发布: 2025年07月05日第15卷第13期 DOI: 10.21769/BioProtoc.5374 浏览次数: 1264
评审: Anonymous reviewer(s)
Abstract
The complexity of the human transcriptome poses significant challenges for complete annotation. Traditional RNA-seq, often limited by sensitivity and short read lengths, is frequently inadequate for identifying low-abundant transcripts and resolving complex populations of transcript isoforms. Direct long-read sequencing, while offering full-length information, suffers from throughput limitations, hindering the capture of low-abundance transcripts. To address these challenges, we introduce a targeted RNA enrichment strategy, rapid amplification of cDNA ends coupled with Nanopore sequencing (RACE-Nano-Seq). This method unravels the deep complexity of transcripts containing anchor sequences—specific regions of interest that might be exons of annotated genes, in silico predicted exons, or other sequences. RACE-Nano-Seq is based on inverse PCR with primers targeting these anchor regions to enrich the corresponding transcripts in both 5' and 3' directions. This method can be scaled for high-throughput transcriptome profiling by using multiplexing strategies. Through targeted RNA enrichment and full-length sequencing, RACE-Nano-Seq enables accurate and comprehensive profiling of low-abundance transcripts, often revealing complex transcript profiles at the targeted loci, both annotated and unannotated.
Key features
• This protocol is highly sensitive and can detect low-abundance transcripts.
• This protocol can be performed in a typical molecular biology laboratory.
• This protocol allows RACE reactions with single or multiple primers, supporting various research scales.
• This protocol enables characterization of complex genomic loci and discovery of novel transcripts, exons, and alternative splicing events.
Graphical overview
Background
The well-documented transcriptome complexity can be viewed as a combination of several hallmark features, including the multitude of alternative splicing events [1,2], multiple alternative transcription start and termination sites (TSSs and TTSs) [3,4], overlapping or chimeric transcripts [5–9], and pervasive transcription [10,11]. Collectively, the molecular processes that give rise to these features orchestrate the sophisticated landscape of mammalian gene expression.

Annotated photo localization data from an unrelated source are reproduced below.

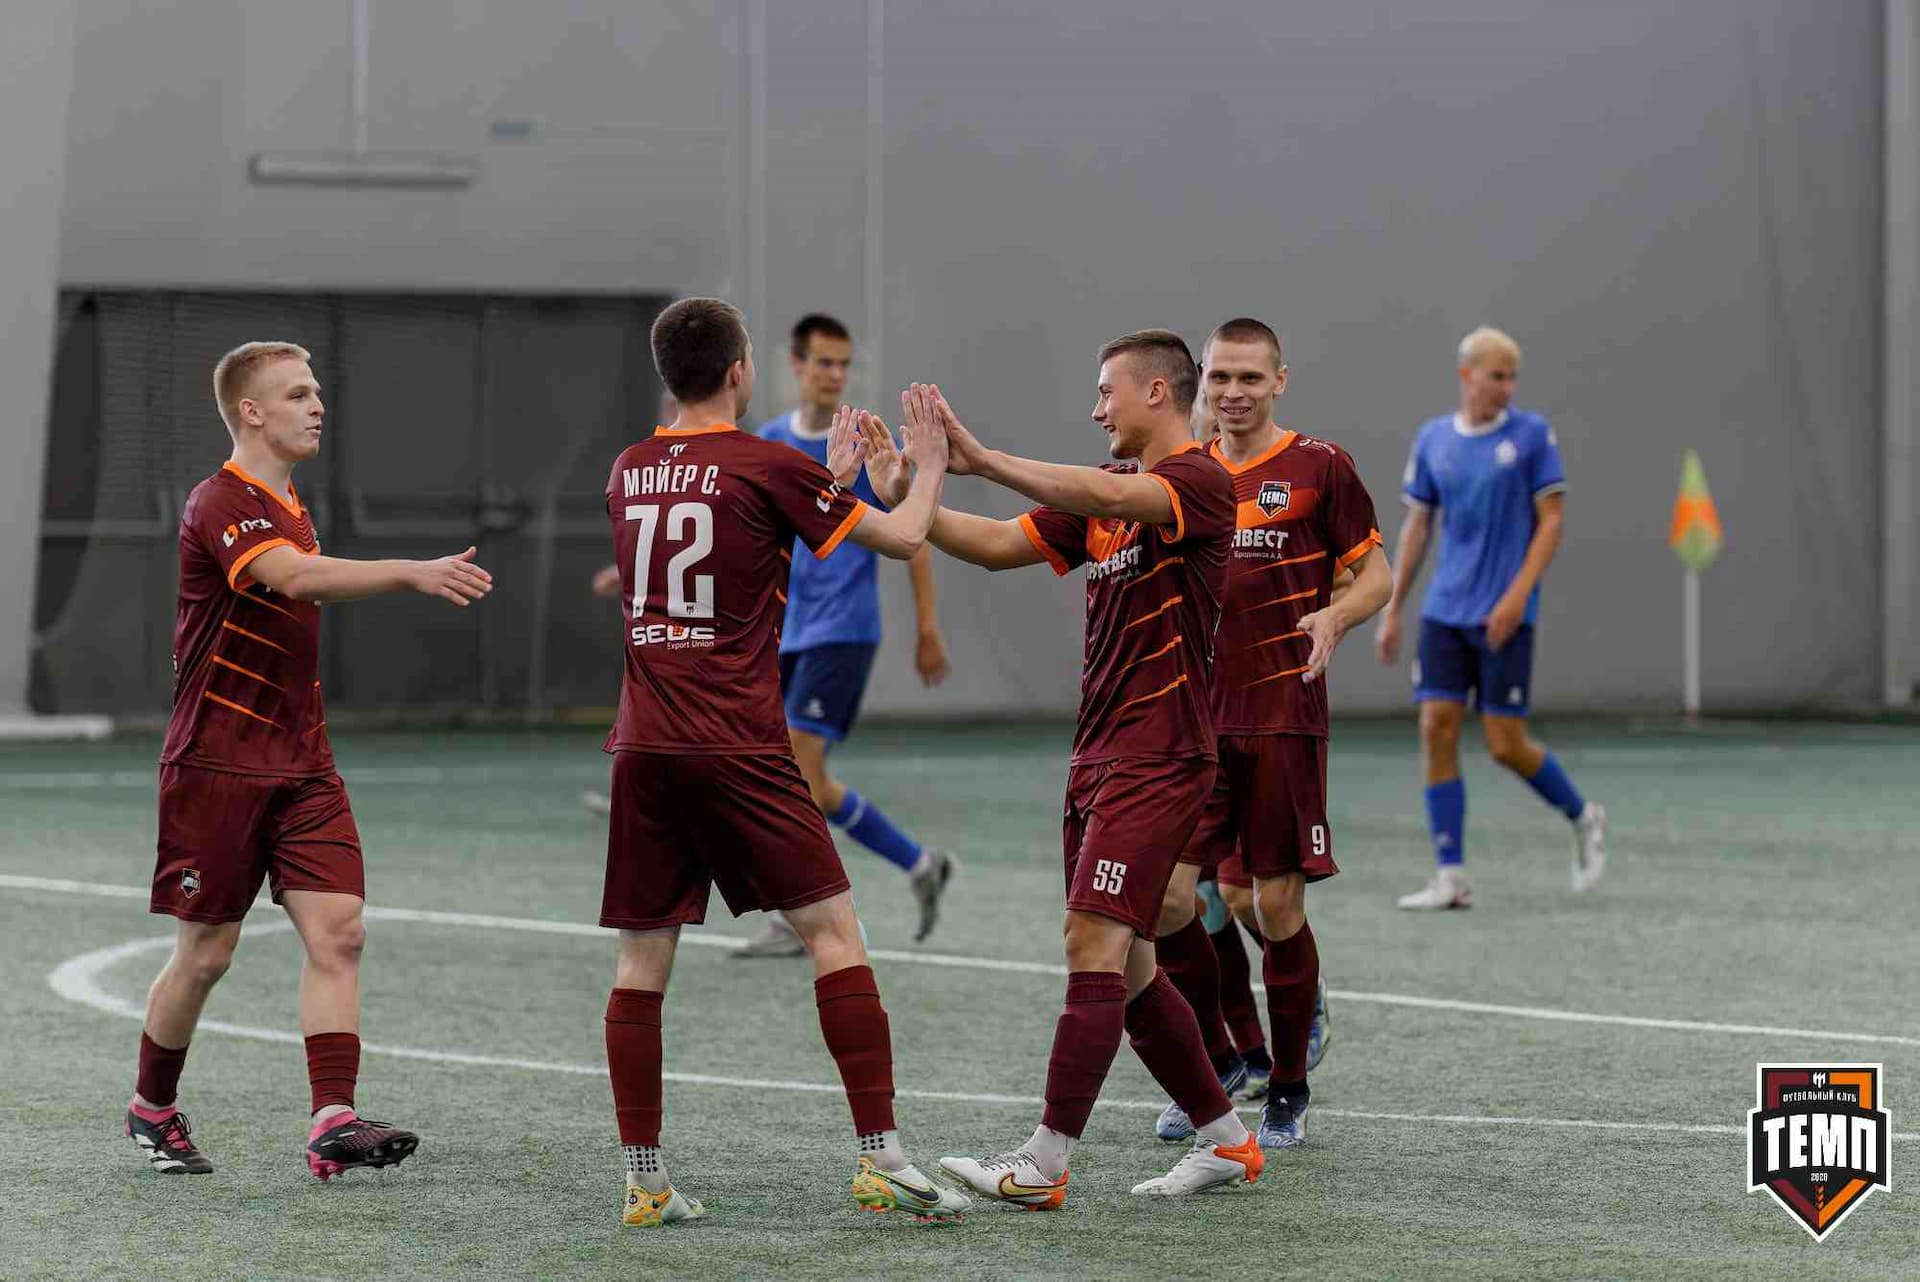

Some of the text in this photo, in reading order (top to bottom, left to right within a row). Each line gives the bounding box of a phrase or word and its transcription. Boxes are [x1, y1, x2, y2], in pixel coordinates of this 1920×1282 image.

[623, 459, 698, 498] МАЙЕР
[1261, 490, 1288, 506] ТЕМП
[625, 502, 715, 619] 72
[667, 639, 715, 651] Export Union
[1312, 824, 1325, 855] 9
[1092, 859, 1127, 896] 55
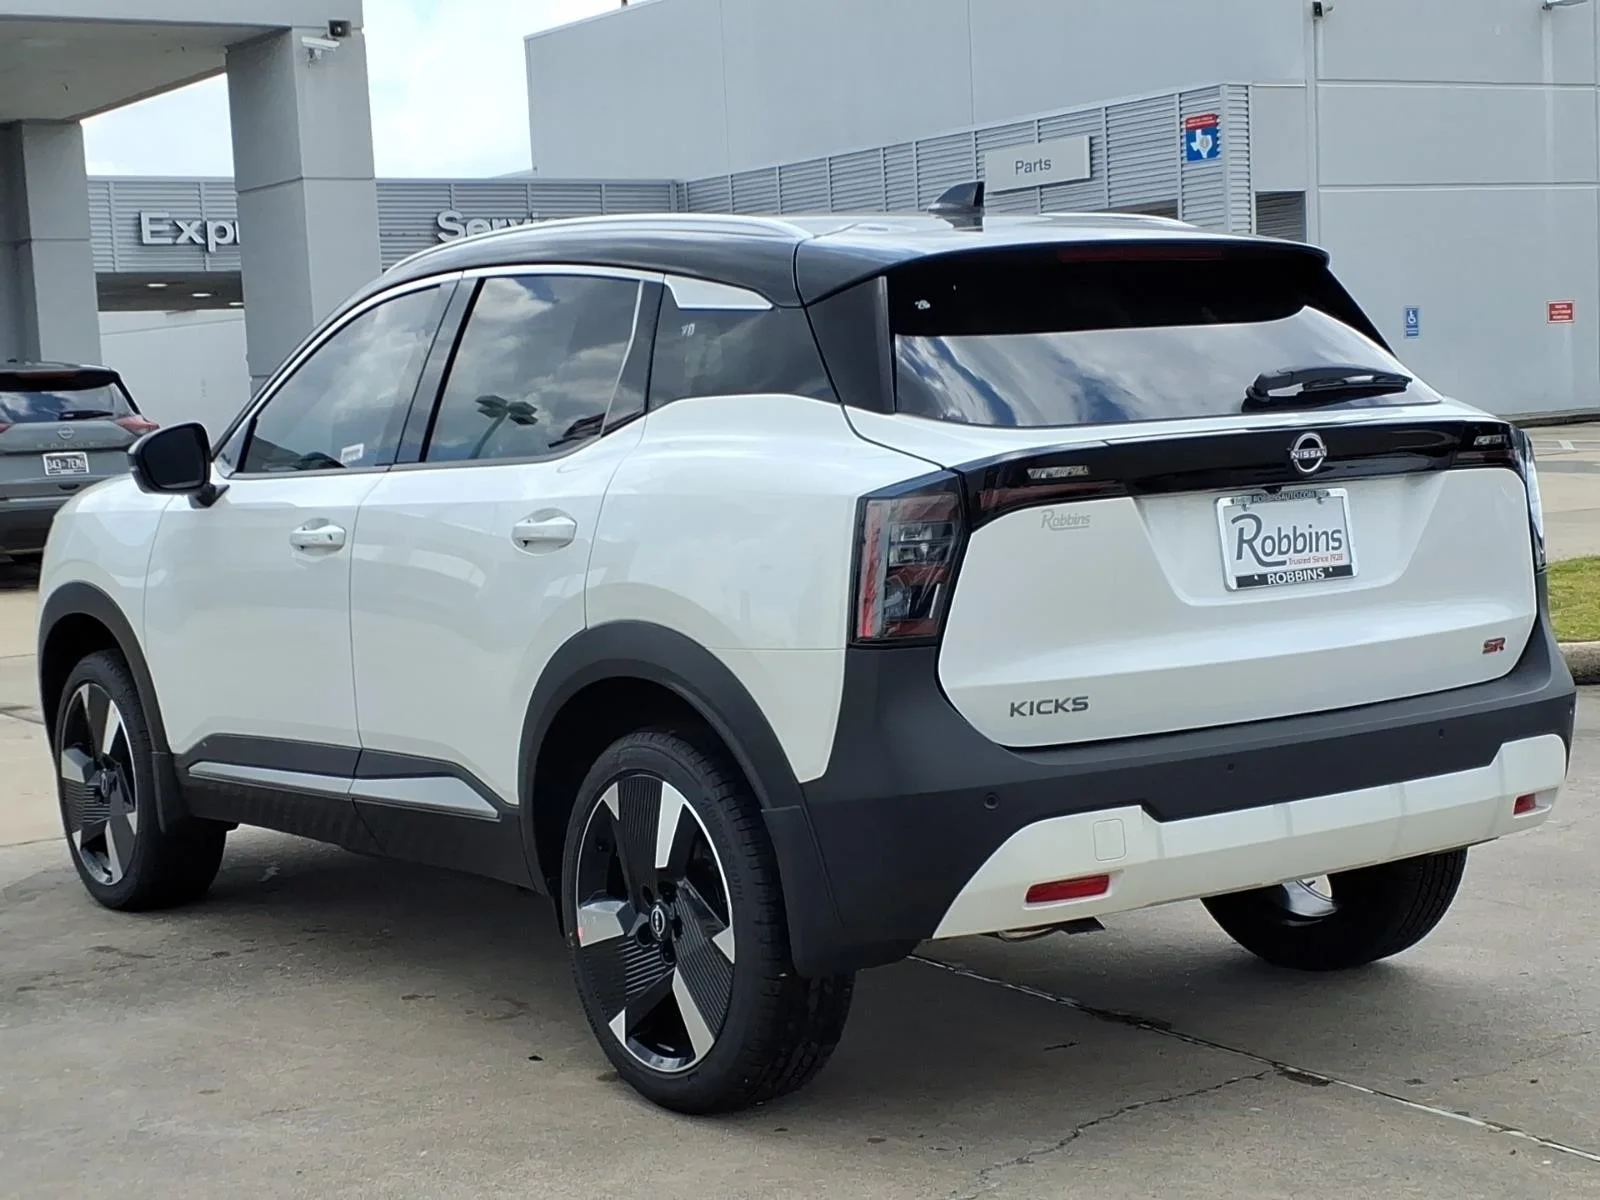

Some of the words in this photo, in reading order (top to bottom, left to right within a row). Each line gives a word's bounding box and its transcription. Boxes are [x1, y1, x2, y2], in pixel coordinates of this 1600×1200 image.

[1015, 158, 1052, 175] Parts
[1290, 447, 1327, 459] NISSAN
[1040, 508, 1091, 531] Robbins
[1231, 513, 1344, 568] Robbins
[1267, 568, 1325, 585] ROBBINS
[1482, 637, 1506, 655] SR
[1009, 696, 1089, 717] KICKS
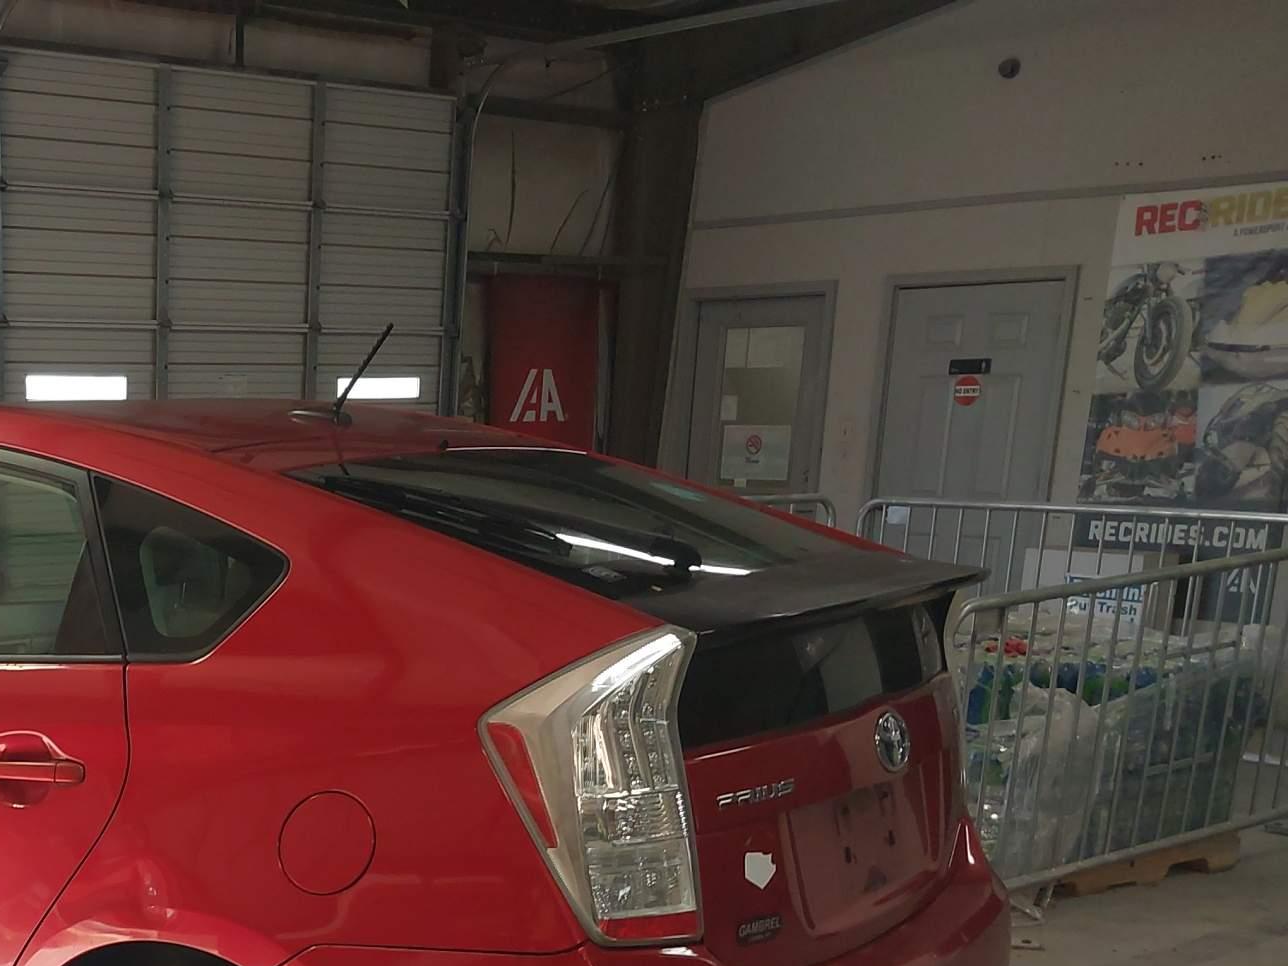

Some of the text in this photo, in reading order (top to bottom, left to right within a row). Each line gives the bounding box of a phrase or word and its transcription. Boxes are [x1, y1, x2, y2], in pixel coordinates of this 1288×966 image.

[1135, 200, 1201, 236] REC
[1088, 520, 1268, 550] RECRIDES.COM
[716, 778, 794, 811] PRIUS
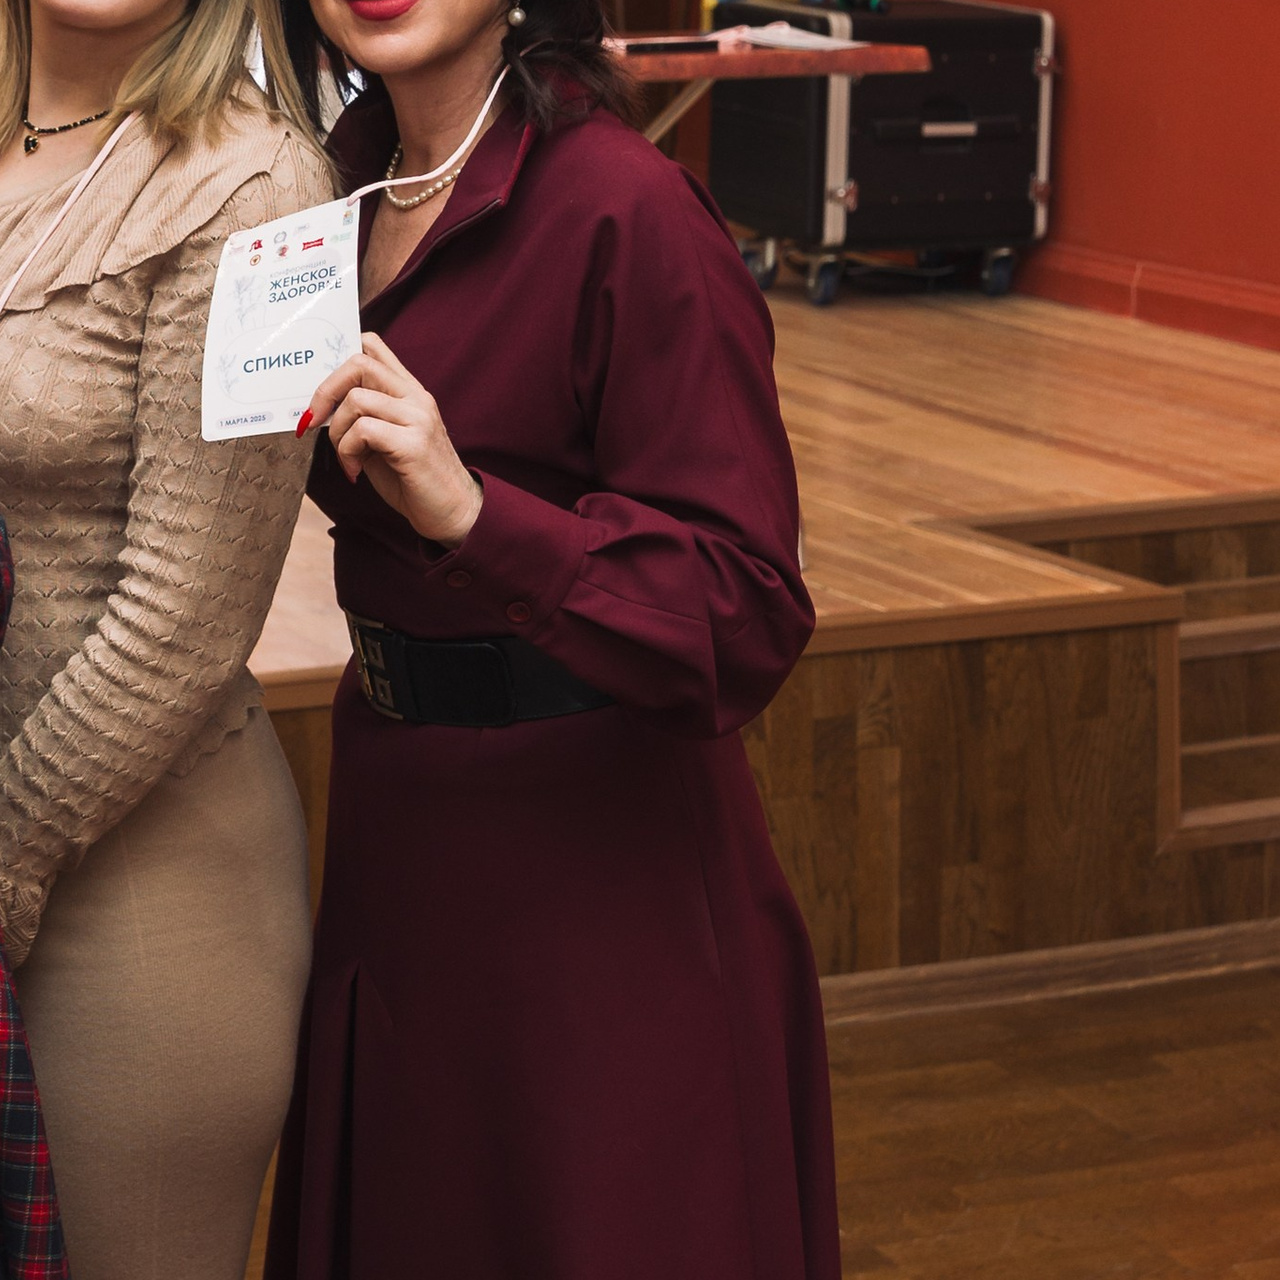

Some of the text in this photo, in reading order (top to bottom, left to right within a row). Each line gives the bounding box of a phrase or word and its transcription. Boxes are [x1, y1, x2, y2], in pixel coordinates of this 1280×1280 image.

Comprehensive characterization of complex transcriptome landscapes presents several challenges, particularly in detecting low-abundance transcripts, accurately defining transcript structures, and efficiently obtaining full-length sequences. While conventional transcriptome studies effectively identify and annotate highly expressed, ubiquitously present transcripts, they frequently miss elusive transcripts exhibiting tightly regulated expression patterns, produced only in specific tissues, cell types, or under specific biological conditions [12–16]. The restricted expression patterns of these transcripts result in extremely low abundance that often falls below the sensitivity limits of standard RNA-seq assays, hindering their effective detection.
Given these limitations, targeted RNA enrichment approaches have become essential for accessing low-abundance transcripts, especially in bulk samples. Currently, two primary targeted RNA enrichment strategies are employed: CaptureSeq and rapid amplification of cDNA ends (RACE). CaptureSeq, a hybridization-based method, utilizes specifically designed DNA oligonucleotide probes to capture transcripts of interest, thereby increasing sequencing coverage for target regions [7]. This method enhances the sensitivity and accuracy of low-abundance transcript detection and has been applied in the discovery of novel genes and transcripts [7,17]. Moreover, combining CaptureSeq with long-read sequencing platforms like Nanopore [18] or PacBio [19] enables high-precision sequencing without the need for transcript assembly. However, its implementation is costly and highly dependent on probe design accuracy.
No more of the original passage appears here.